A Governance Mechanism Between S&OP and Execution in an APS Environment

1. Definition and Purpose of the MPS

According to APICS (now ASCM – Association for Supply Chain Management), the Master Production Schedule (MPS) is a statement of what the company plans to produce, expressed in specific configurations, quantities, and dates. It translates aggregate plans into detailed, actionable commitments and serves as a primary input to Material Requirements Planning (MRP).

The MPS fulfills several fundamental roles:

  • It converts the Sales and Operations Plan (S&OP) into an executable production plan.
  • It is defined at the level of finished goods or critical subassemblies.
  • It operates on a discrete time bucket, most commonly weekly.
  • It acts as a formal coordination mechanism between Sales, Operations, Manufacturing, and Supply Chain.

2. The Continued Relevance of the MPS in APS Environments

With the widespread adoption of Advanced Planning Systems (APS), organizations benefit from continuous recalculation of capacity, material availability, and constraints across multiple horizons. However, continuous computational optimization does not eliminate the need for decision stabilization.

APS systems optimize plans; organizations execute commitments. The MPS remains essential as the mechanism that deliberately introduces stability, accountability, and commitment into the planning process.

3. The MPS as a Temporal Governance Instrument

Historically, the MPS has fulfilled three inseparable governance functions:

  • Arbitration of internal constraints and trade-offs.
  • Formalization of market and customer commitments.
  • Stabilization of decisions over time.

As such, the MPS should not be viewed solely as a production planning tool, but as a temporal governance layer that structures decision-making across planning horizons

4. The Time Funnel Concept

Planning systems must reconcile computational continuity with human decision-making limitations. Without clearly defined stabilization zones, organizations experience frequent priority changes, weakened customer commitments, and reduced operational credibility.

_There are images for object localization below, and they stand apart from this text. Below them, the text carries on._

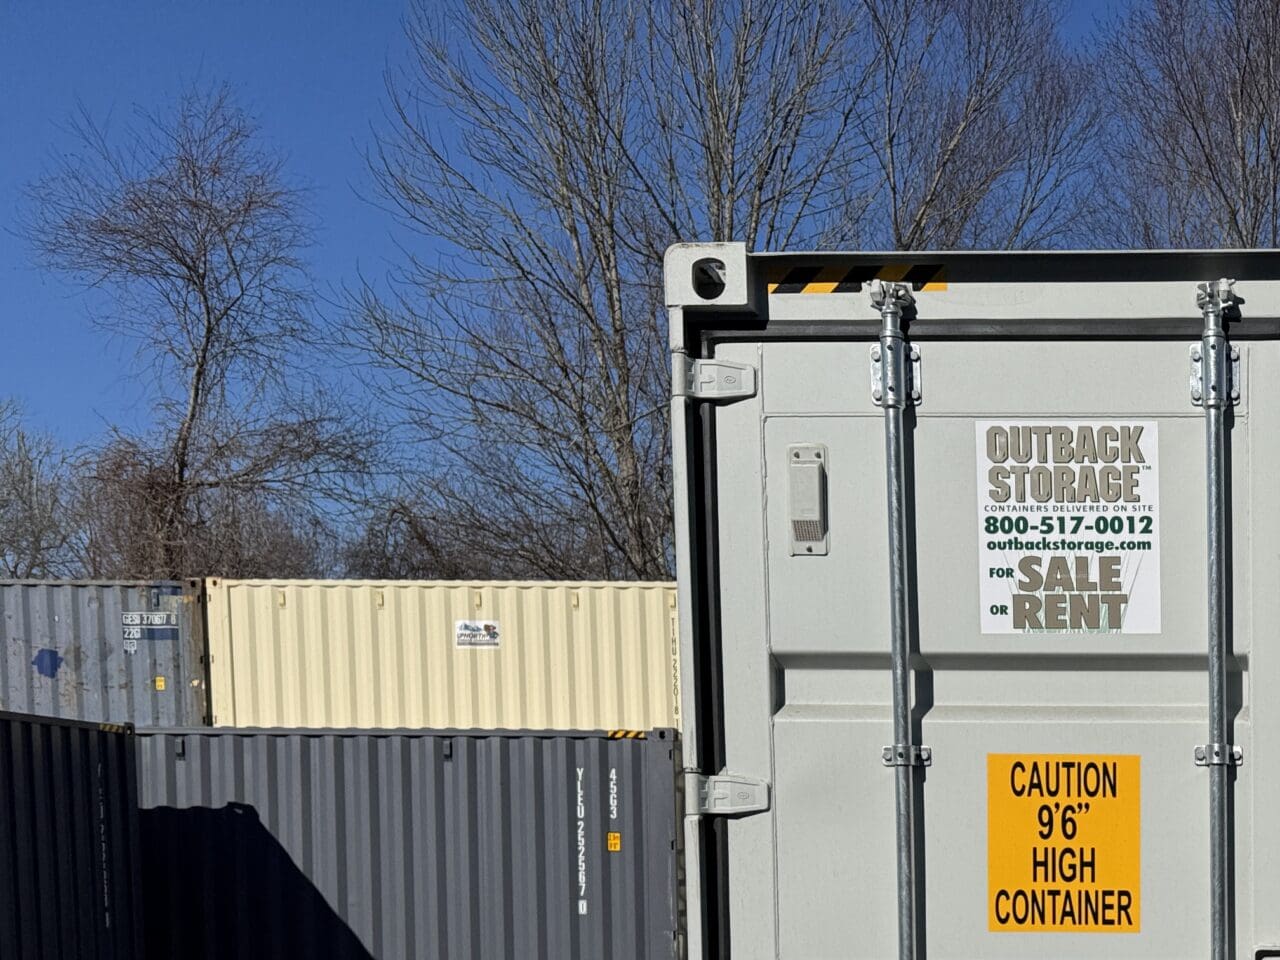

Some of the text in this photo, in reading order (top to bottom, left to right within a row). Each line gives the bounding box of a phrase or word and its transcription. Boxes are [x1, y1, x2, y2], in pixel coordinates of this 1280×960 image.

[986, 426, 1146, 464] OUTBACK
[988, 465, 1140, 503] STORAGE
[984, 516, 1153, 535] 800-517-0012
[1132, 504, 1154, 512] SITE
[986, 537, 1152, 553] outbackstorage.com
[989, 556, 1122, 592] FOR SALE
[989, 594, 1128, 629] OR RENT
[1010, 761, 1117, 798] CAUTION
[1032, 847, 1096, 883] HIGH
[994, 889, 1133, 925] CONTAINER

The time funnel provides a structured progression:

Within this framework, APS systems perform calculations and simulations, while the MPS defines which decisions are stabilized and which remain flexible.

  • S&OP establishes strategic direction at an aggregate, monthly level.
  • MPS translates this direction into item-level, weekly commitments.
  • Detailed scheduling converts these commitments into daily execution decisions.

5. From S&OP to MPS: Commitment and Precision

The transition from S&OP to MPS represents a shift:

  • From aggregated to item-level planning.
  • From directional guidance to explicit commitments.
  • From scenario evaluation to executable plans.

In summary: S&OP defines what the organization intends to do; the MPS defines what the organization commits to do.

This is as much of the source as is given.